Copy the records word for word. Pictures do not go in.

----------------------------------------

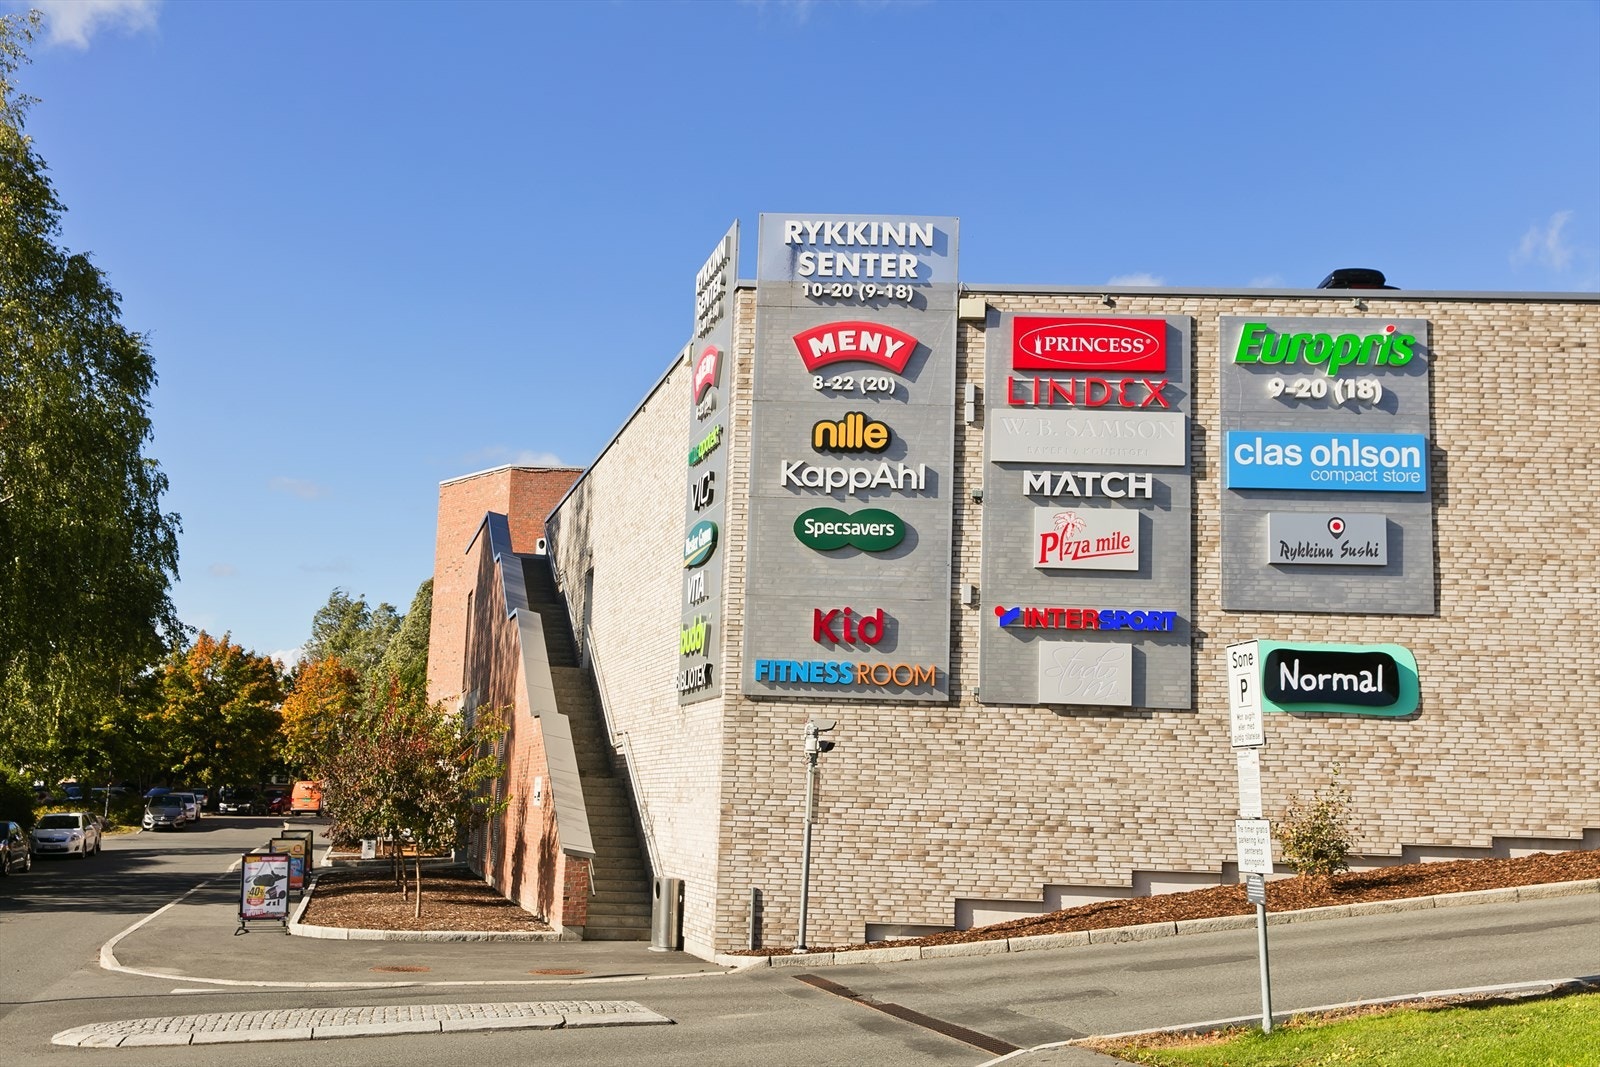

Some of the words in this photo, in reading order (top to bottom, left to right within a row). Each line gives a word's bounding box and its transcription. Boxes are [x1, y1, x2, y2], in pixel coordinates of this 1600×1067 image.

[784, 220, 934, 247] RYKKINN
[797, 252, 918, 278] SENTER
[802, 283, 853, 298] 10-20
[859, 284, 913, 302] (9-18)
[807, 330, 905, 359] MENY
[1044, 336, 1145, 354] PRINCESS
[1233, 322, 1416, 377] Europris
[812, 375, 854, 391] 8-22
[860, 377, 896, 394] (20)
[1007, 376, 1170, 409] LINDEX
[1267, 377, 1328, 400] 9-20
[1334, 378, 1383, 405] (18)
[814, 413, 889, 449] nille
[1001, 417, 1030, 436] W.
[1038, 419, 1058, 437] B.
[1066, 419, 1177, 440] SAMSON
[1234, 437, 1303, 466] clas
[1310, 438, 1421, 468] ohlson
[780, 459, 926, 495] KappAhl
[1023, 470, 1153, 499] MATCH
[1310, 468, 1378, 484] compact
[1383, 469, 1421, 483] store
[804, 518, 895, 538] Specsavers
[1096, 531, 1131, 552] mile
[1279, 540, 1334, 561] Rykkinn
[1340, 540, 1379, 559] Sushi
[688, 571, 705, 604] VITA
[812, 606, 884, 645] Kid
[1024, 607, 1177, 631] INTERSPORT
[680, 612, 707, 656] buddy
[1232, 651, 1254, 669] Sone
[1280, 659, 1383, 693] Normal
[1240, 678, 1248, 703] P

----------------------------------------

- _Answer box_:
Some of the words in this photo, in reading order (top to bottom, left to right within a row). Each line gives a word's bounding box and its transcription. Boxes are [x1, y1, x2, y2], in pixel coordinates of this 1600×1067 image.

[784, 220, 934, 247] RYKKINN
[797, 252, 918, 278] SENTER
[802, 283, 853, 298] 10-20
[859, 284, 913, 302] (9-18)
[807, 330, 905, 359] MENY
[1044, 336, 1145, 354] PRINCESS
[1233, 322, 1416, 377] Europris
[812, 375, 854, 391] 8-22
[860, 377, 896, 394] (20)
[1007, 376, 1170, 409] LINDEX
[1267, 377, 1328, 400] 9-20
[1334, 378, 1383, 405] (18)
[814, 413, 889, 449] nille
[1001, 417, 1030, 436] W.
[1038, 419, 1058, 437] B.
[1066, 419, 1177, 440] SAMSON
[1234, 437, 1303, 466] clas
[1310, 438, 1421, 468] ohlson
[780, 459, 926, 495] KappAhl
[1023, 470, 1153, 499] MATCH
[1310, 468, 1378, 484] compact
[1383, 469, 1421, 483] store
[804, 518, 895, 538] Specsavers
[1096, 531, 1131, 552] mile
[1279, 540, 1334, 561] Rykkinn
[1340, 540, 1379, 559] Sushi
[688, 571, 705, 604] VITA
[812, 606, 884, 645] Kid
[1024, 607, 1177, 631] INTERSPORT
[680, 612, 707, 656] buddy
[1232, 651, 1254, 669] Sone
[1280, 659, 1383, 693] Normal
[1240, 678, 1248, 703] P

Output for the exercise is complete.